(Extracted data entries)
------------------------------------------------------------------------

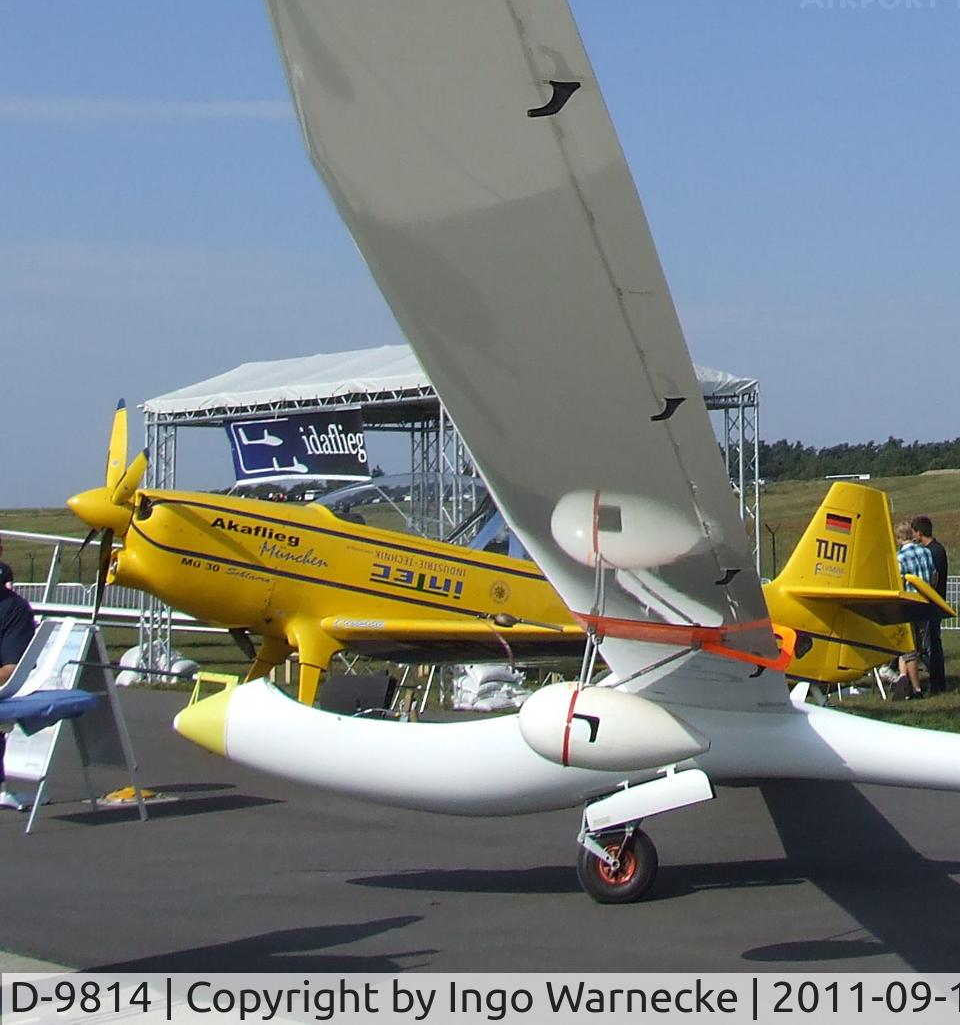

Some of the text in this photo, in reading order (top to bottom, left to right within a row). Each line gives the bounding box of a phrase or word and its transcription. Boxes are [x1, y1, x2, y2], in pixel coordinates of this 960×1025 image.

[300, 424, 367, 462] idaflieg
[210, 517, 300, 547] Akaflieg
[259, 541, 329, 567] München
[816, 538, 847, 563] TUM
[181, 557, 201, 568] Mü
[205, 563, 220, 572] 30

------------------------------------------------------------------------

- _WORK ORDER_
Please print out the entries above exactly. The pictures stay out.

- _YOUR RESPONSE_
Some of the text in this photo, in reading order (top to bottom, left to right within a row). Each line gives the bounding box of a phrase or word and its transcription. Boxes are [x1, y1, x2, y2], in pixel coordinates of this 960×1025 image.

[300, 424, 367, 462] idaflieg
[210, 517, 300, 547] Akaflieg
[259, 541, 329, 567] München
[816, 538, 847, 563] TUM
[181, 557, 201, 568] Mü
[205, 563, 220, 572] 30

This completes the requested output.